Politique

DR ABDOURAHMANE DIOUF POINTE UN « AVEU D’ÉCHEC » DE MACKY SALL

Mercredi dernier lors du Conseil des ministres, le président de la République a annoncé la restauration du poste de Premier Ministre en procédure d’urgence. Depuis l’annonce, les Sénégalais sont partagés sur la question. Dr El Hadji Abdourahmane Diouf, Président du Parti AWALÉ dénonce, de son côté, une énième révision constitutionnelle initiée par ceux qui, dit-il, il n’y a pas si longtemps, vantaient les clauses de stabilité dans notre Constitution. « Ils ne croyaient pas, eux-mêmes, en leurs propres discours. Notre Constitution est encore malmenée pour des raisons d’agenda personnel. Les clauses d’éternité sont devenues des clauses de fugacité. Cette révision de notre Constitution est l’expression de dérives narcissiques incompressibles qui mettent notre pays sous la botte d’une seule personne. Elle est, de plus, un aveu d’échec dans la gestion administrative et économique de notre pays et consacre l’extrême instabilité de nos institutions », a-t-il soutenu dans un communiqué parvenu à Emedia.
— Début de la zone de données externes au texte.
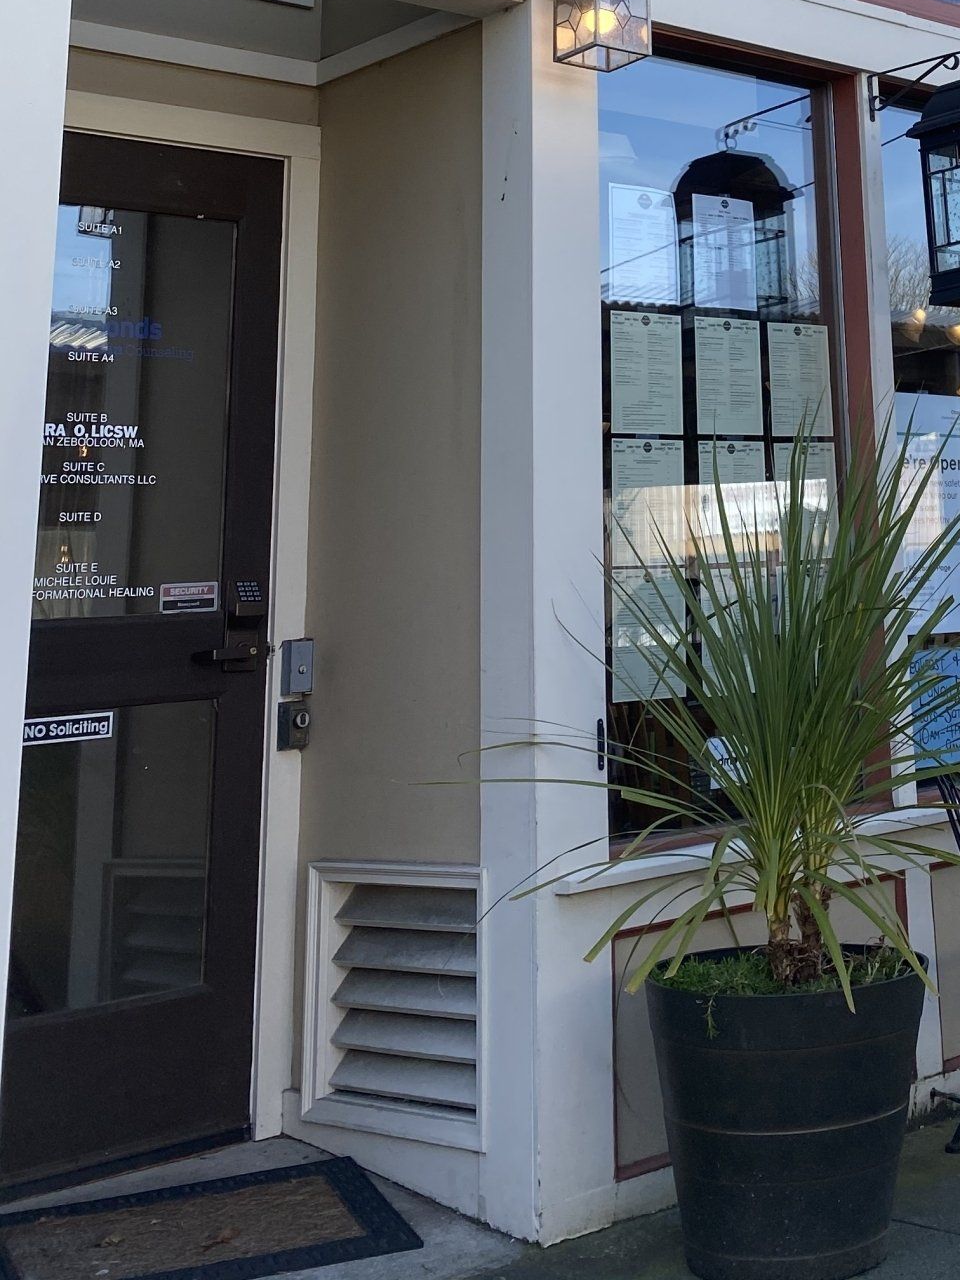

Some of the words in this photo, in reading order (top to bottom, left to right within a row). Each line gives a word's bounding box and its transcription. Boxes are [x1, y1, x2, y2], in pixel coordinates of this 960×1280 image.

Par ailleurs, il est d’avis que le Président de la République Macky Sall a le droit de préparer sa succession : « Nous le lui concédons. Il peut user de schémas et de combinaisons à sa guise. C’est son héritage politique qui est en jeu. Mais nous veillerons à ce qu’il le fasse dans les règles strictes du jeu démocratique. Nous sommes dans un pays où des victoires techniques ont sanctionné des scrutins à enjeux nationaux. Des subterfuges particulièrement habiles ont été mis en œuvre en amont du vote et ont abouti à des résultats électoraux en contradiction avec les attentes populaires. Sans traces ! Car, que de subtilités ! Nous courrons le risque d’un transfert de cette expertise technique à un dauphin potentiel, candidat du système existant, par la voie primatoriale »,

Il estime, par ailleurs, que ces réformes constitutionnelles tou azimut pourraient impacter la date des prochaines élections législatives et ouvrir la porte à un dauphinat constitutionnel. « Nous aurons des élections législatives en Juillet 2022. Ce sera la fin de la treizième législature. Ces élections doivent être organisées à dates échues. Aucune circonstance politique, économique ou sociale ne justifierait un prolongement du mandat des députés. En revanche, un décalage des élections législatives sur fonds de schémas politiciens pourrait contraindre le Président de la République de 2024 à une « cohabitation » sur une durée prolongée ne pouvant dépasser 2 ans. Par ce mécanisme, le Président de la République, Macky Sall, pourrait chercher à garder la main au-delà de son successeur. Nous allons nous y opposer », a-t-il souligné.